== Data entries ==

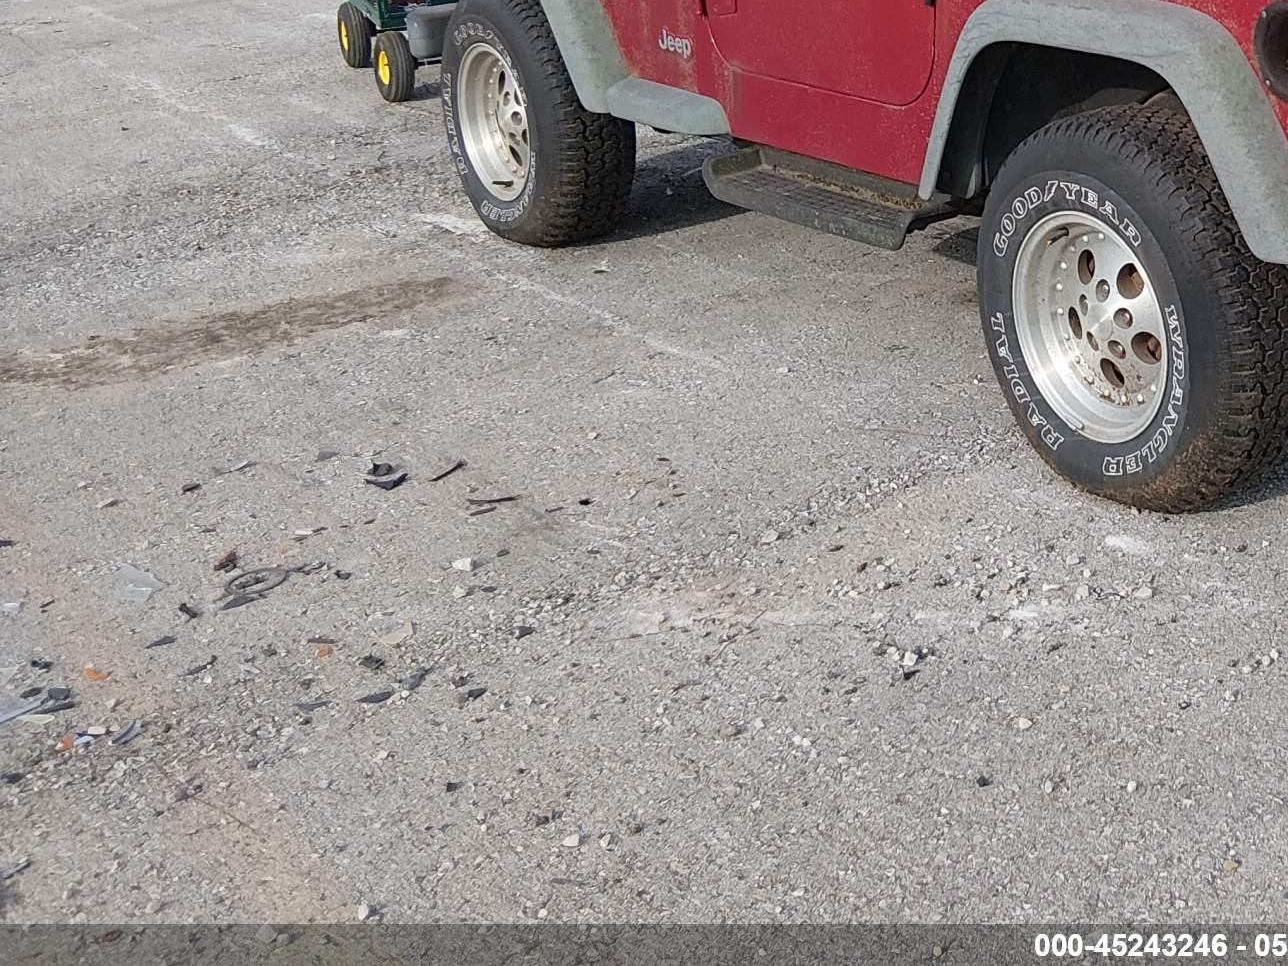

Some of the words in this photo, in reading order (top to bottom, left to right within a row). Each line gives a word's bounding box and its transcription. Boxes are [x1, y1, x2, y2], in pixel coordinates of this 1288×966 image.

[658, 27, 692, 60] Jeep
[990, 311, 1065, 451] RADIAL
[1102, 304, 1186, 476] WRANGLER
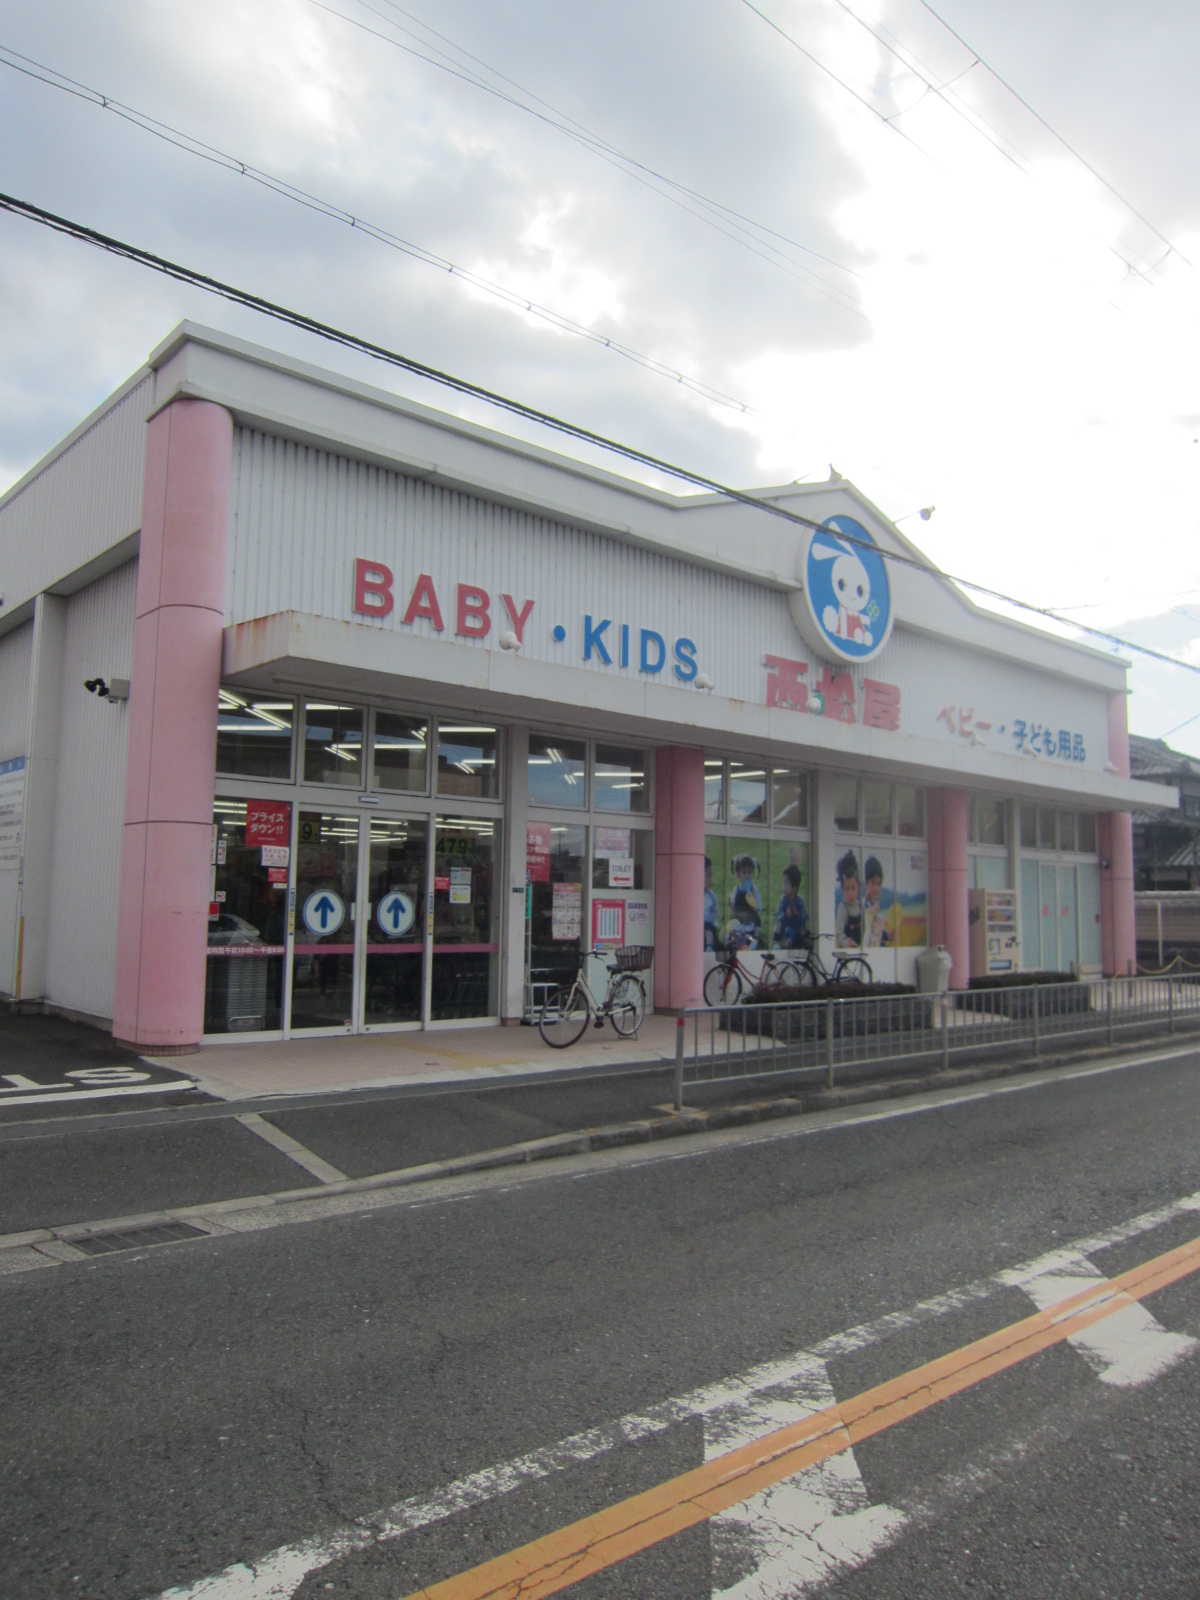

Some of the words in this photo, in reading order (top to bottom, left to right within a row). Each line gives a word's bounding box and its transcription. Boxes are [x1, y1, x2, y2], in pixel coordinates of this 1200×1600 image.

[763, 654, 902, 731] 西松屋
[251, 811, 284, 823] プライス
[612, 864, 631, 873] TOILET
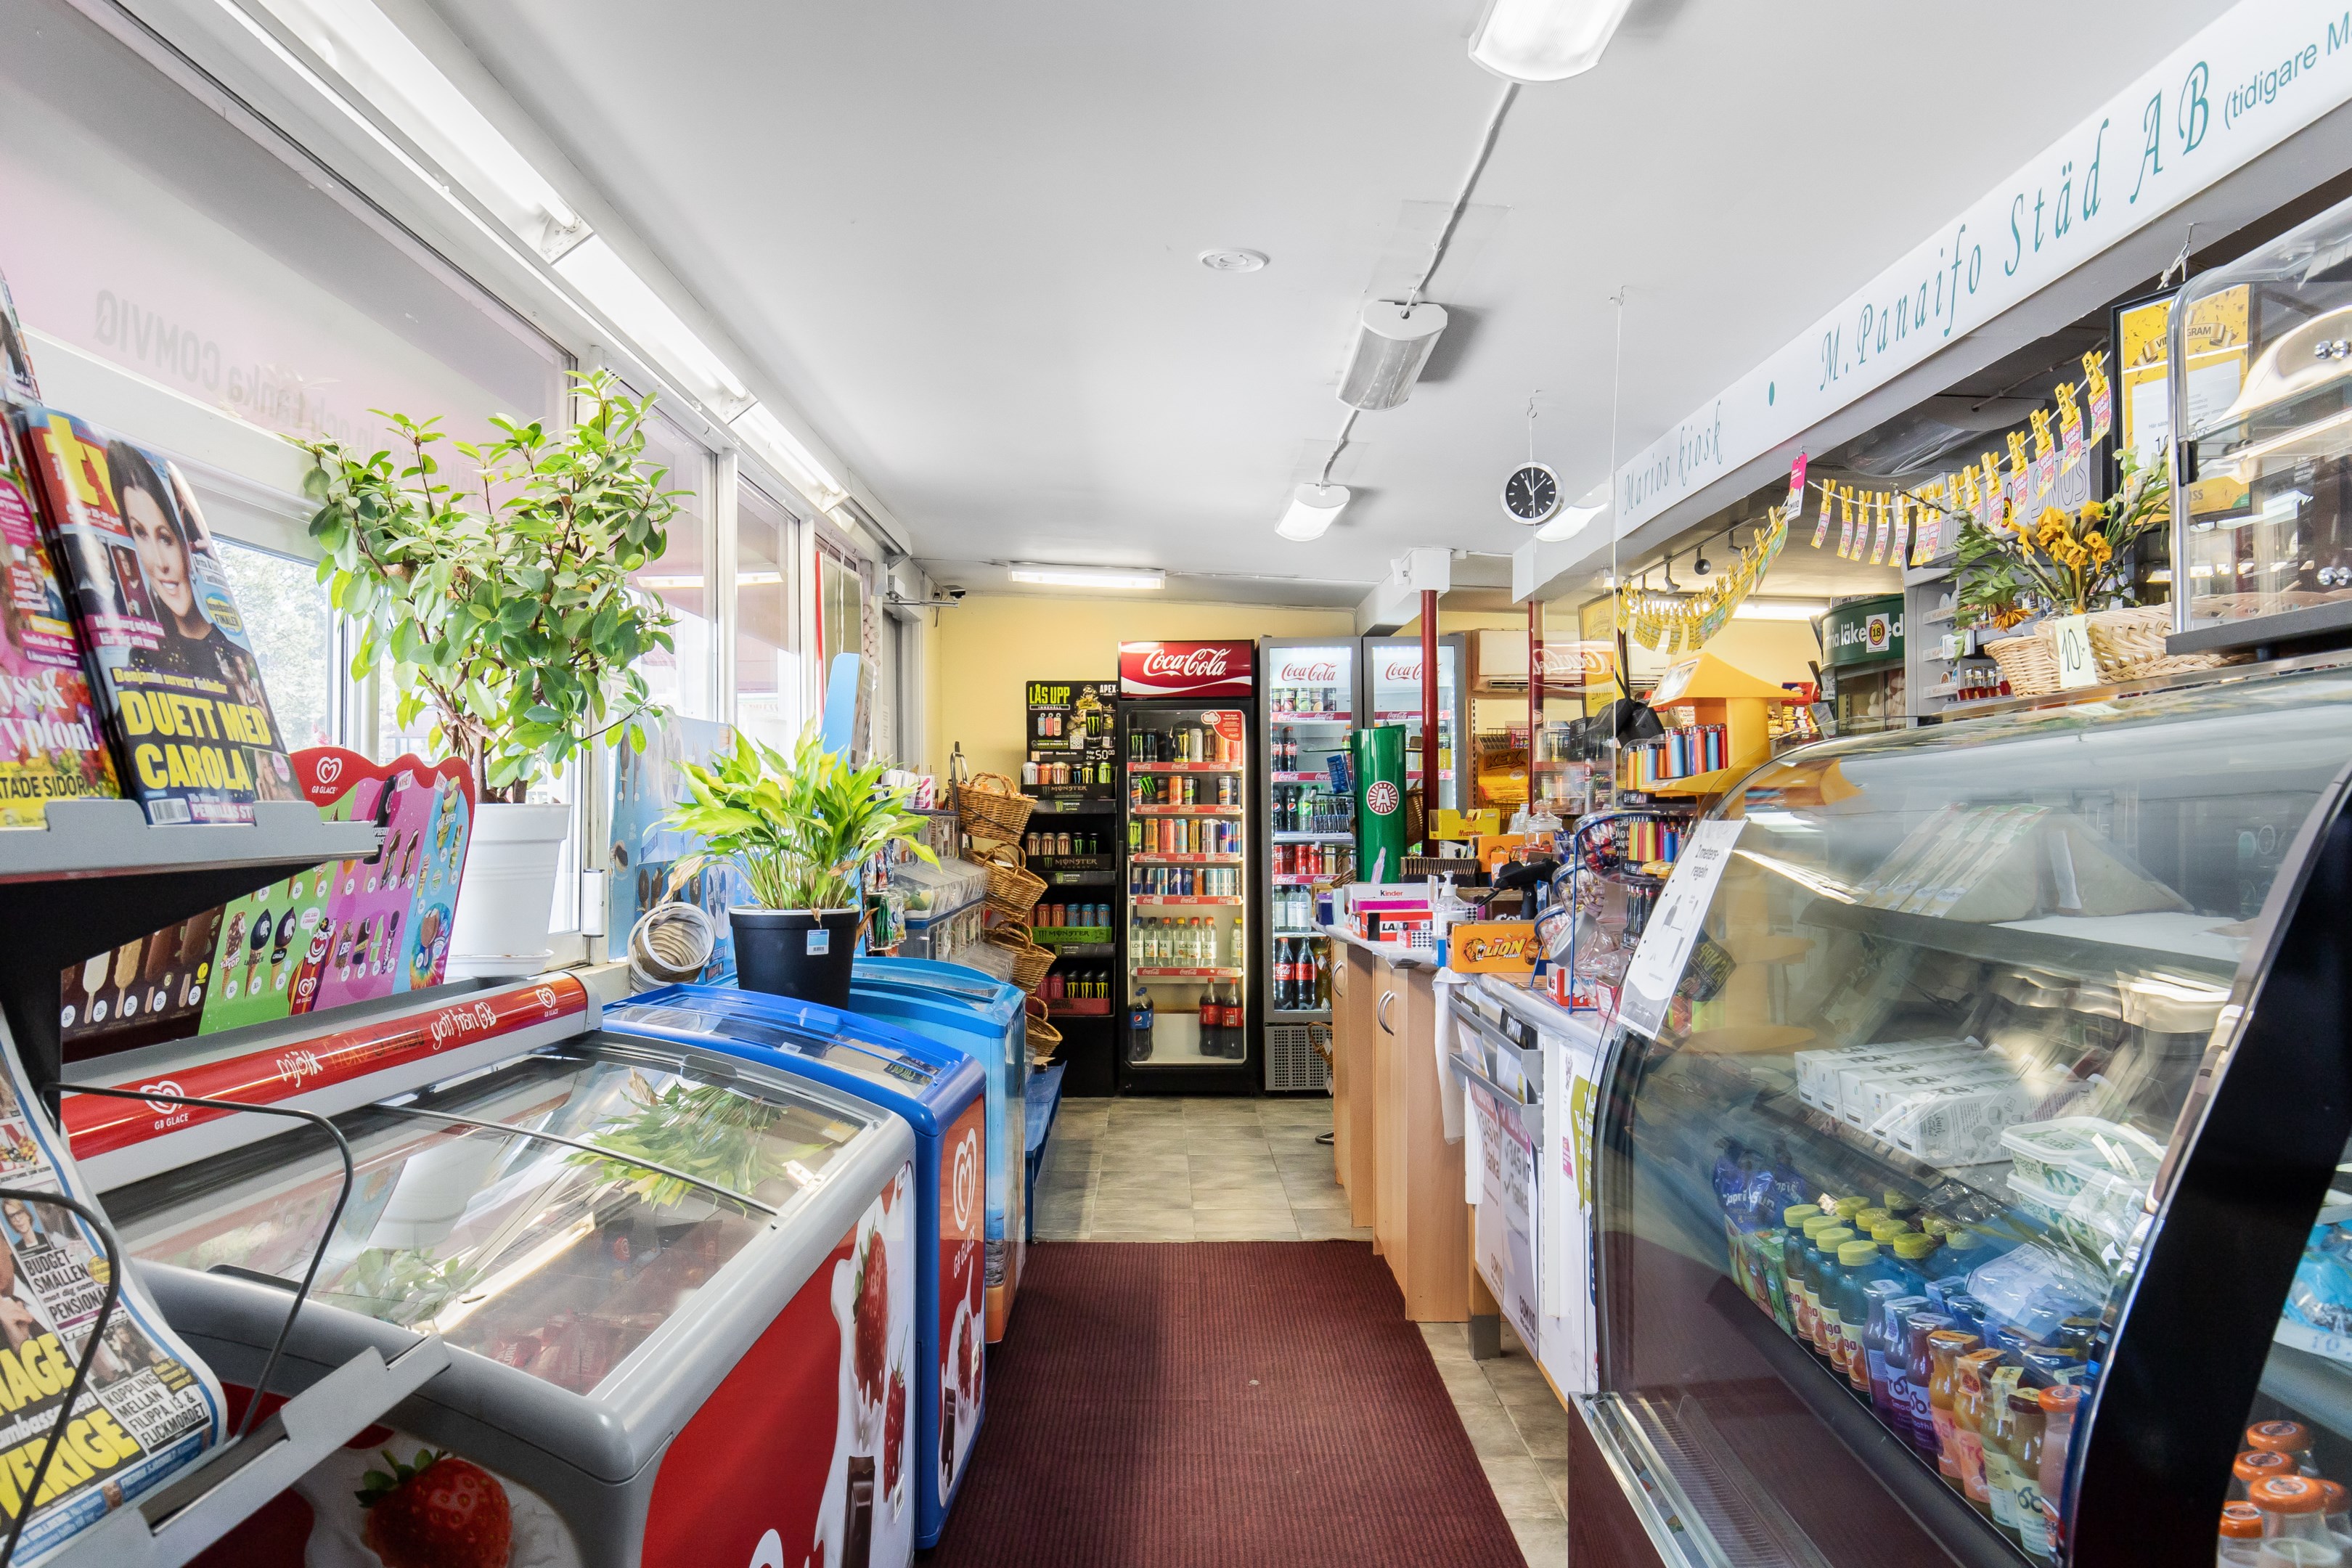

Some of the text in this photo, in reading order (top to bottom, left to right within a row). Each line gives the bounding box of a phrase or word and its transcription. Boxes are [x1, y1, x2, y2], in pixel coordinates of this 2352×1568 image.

[1623, 459, 1670, 516] Marios
[1856, 223, 1982, 364] Panaifo
[2004, 117, 2110, 277] Städ
[2129, 60, 2210, 205] AB
[2224, 44, 2317, 130] (tidigare
[2327, 11, 2352, 56] M
[1872, 626, 1882, 638] 18
[1143, 648, 1232, 677] Coca-Cola
[1281, 662, 1338, 682] Coca-Cola
[1029, 683, 1070, 704] LÅS UPP
[1100, 684, 1116, 693] APEX
[117, 690, 272, 746] DUETT MED
[134, 743, 253, 791] CAROLA
[44, 774, 87, 797] SIDOR
[319, 785, 337, 794] GLACE
[1485, 937, 1527, 957] LION
[276, 1050, 323, 1088] mjölk
[430, 1010, 454, 1050] gott
[454, 1006, 480, 1038] från
[478, 1001, 497, 1030] GB
[155, 1113, 189, 1130] GB GLACE
[24, 1249, 74, 1276] BUDGET-
[953, 1223, 976, 1279] GB GLACE
[33, 1262, 91, 1294] SMÄLLEN
[1519, 1294, 1536, 1334] COMVIQ
[104, 1373, 159, 1407] KOPPLING
[116, 1388, 165, 1419] MELLAN
[128, 1402, 173, 1433] FILIPPA,
[184, 1390, 196, 1403] &
[141, 1402, 206, 1447] FLICKMORDET
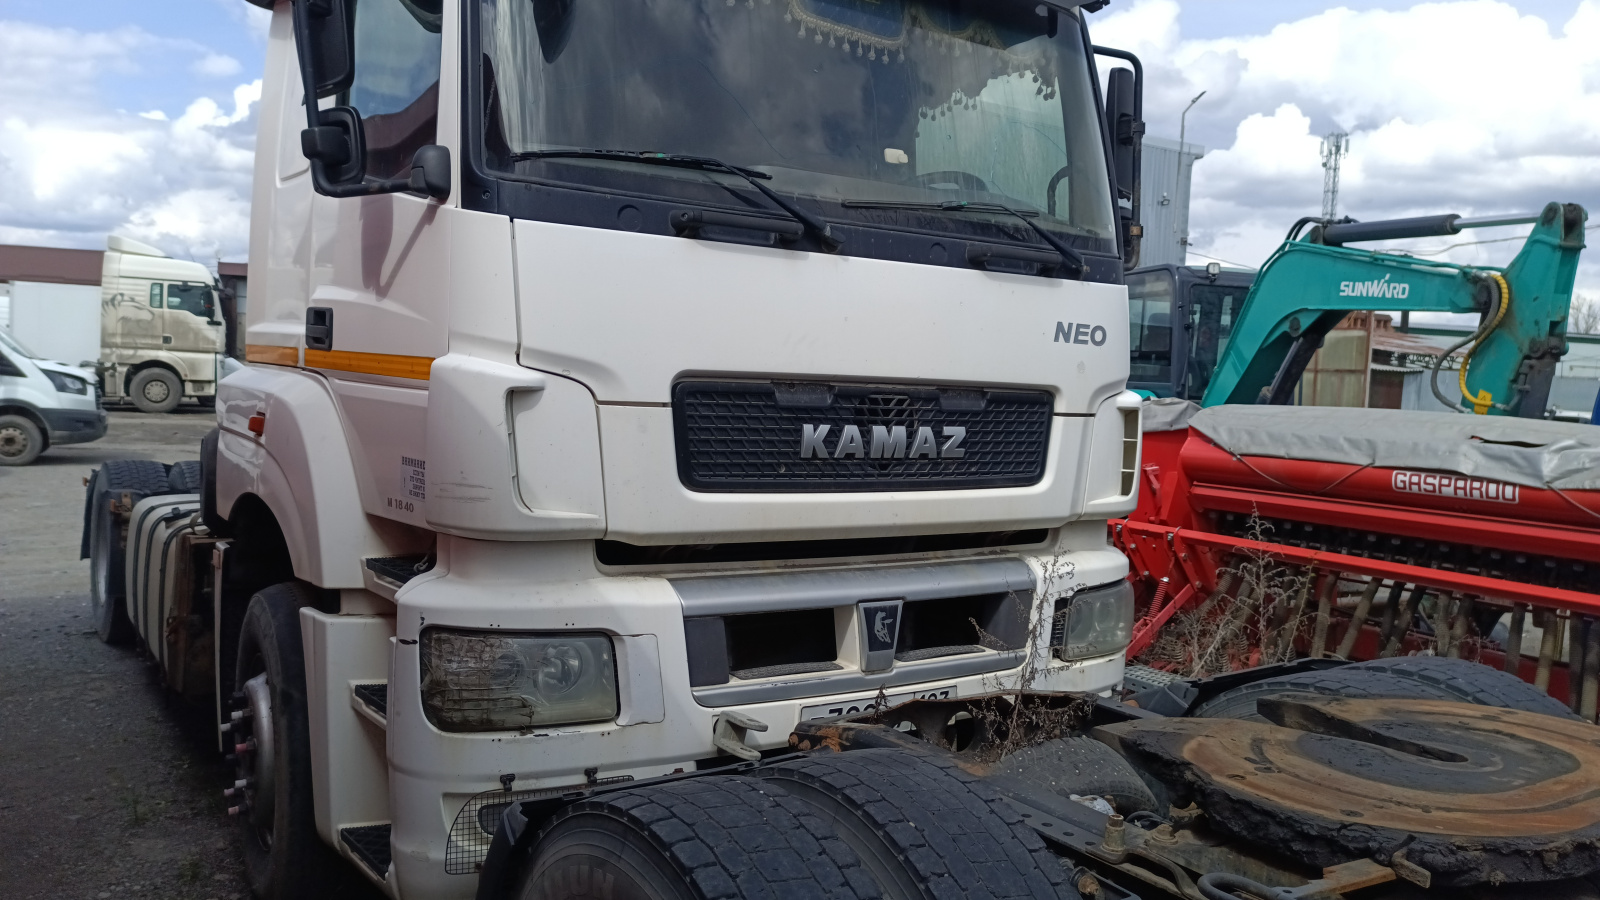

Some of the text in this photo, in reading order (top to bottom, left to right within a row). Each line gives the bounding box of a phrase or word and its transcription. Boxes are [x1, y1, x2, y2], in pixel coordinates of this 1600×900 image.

[1339, 273, 1409, 299] SUNWARD
[1053, 321, 1107, 347] NEO
[800, 423, 967, 459] KAMAZ
[1393, 471, 1518, 502] GASPARDO

== Exercise ==
What you output should match the records line for line, minus the pictures.

== Written solution ==
Some of the words in this photo, in reading order (top to bottom, left to right within a row). Each line gives a word's bounding box and its transcription. Boxes are [x1, y1, x2, y2], in pixel coordinates of this 1288×966 image.

[658, 27, 692, 60] Jeep
[990, 311, 1065, 451] RADIAL
[1102, 304, 1186, 476] WRANGLER

Some of the words in this photo, in reading order (top to bottom, left to right within a row). Each line gives a word's bounding box and its transcription. Boxes are [x1, y1, x2, y2], in pixel coordinates of this 1200×1600 image.

[763, 654, 902, 731] 西松屋
[251, 811, 284, 823] プライス
[612, 864, 631, 873] TOILET

Some of the text in this photo, in reading order (top to bottom, left to right within a row). Each line gives the bounding box of a phrase or word and its transcription. Boxes are [x1, y1, x2, y2], in pixel coordinates of this 2352×1568 image.

[1623, 459, 1670, 516] Marios
[1856, 223, 1982, 364] Panaifo
[2004, 117, 2110, 277] Städ
[2129, 60, 2210, 205] AB
[2224, 44, 2317, 130] (tidigare
[2327, 11, 2352, 56] M
[1872, 626, 1882, 638] 18
[1143, 648, 1232, 677] Coca-Cola
[1281, 662, 1338, 682] Coca-Cola
[1029, 683, 1070, 704] LÅS UPP
[1100, 684, 1116, 693] APEX
[117, 690, 272, 746] DUETT MED
[134, 743, 253, 791] CAROLA
[44, 774, 87, 797] SIDOR
[319, 785, 337, 794] GLACE
[1485, 937, 1527, 957] LION
[276, 1050, 323, 1088] mjölk
[430, 1010, 454, 1050] gott
[454, 1006, 480, 1038] från
[478, 1001, 497, 1030] GB
[155, 1113, 189, 1130] GB GLACE
[24, 1249, 74, 1276] BUDGET-
[953, 1223, 976, 1279] GB GLACE
[33, 1262, 91, 1294] SMÄLLEN
[1519, 1294, 1536, 1334] COMVIQ
[104, 1373, 159, 1407] KOPPLING
[116, 1388, 165, 1419] MELLAN
[128, 1402, 173, 1433] FILIPPA,
[184, 1390, 196, 1403] &
[141, 1402, 206, 1447] FLICKMORDET

Some of the text in this photo, in reading order (top to bottom, left to right within a row). Each line gives the bounding box of a phrase or word and its transcription. Boxes are [x1, y1, x2, y2], in pixel coordinates of this 1600×900 image.

[1339, 273, 1409, 299] SUNWARD
[1053, 321, 1107, 347] NEO
[800, 423, 967, 459] KAMAZ
[1393, 471, 1518, 502] GASPARDO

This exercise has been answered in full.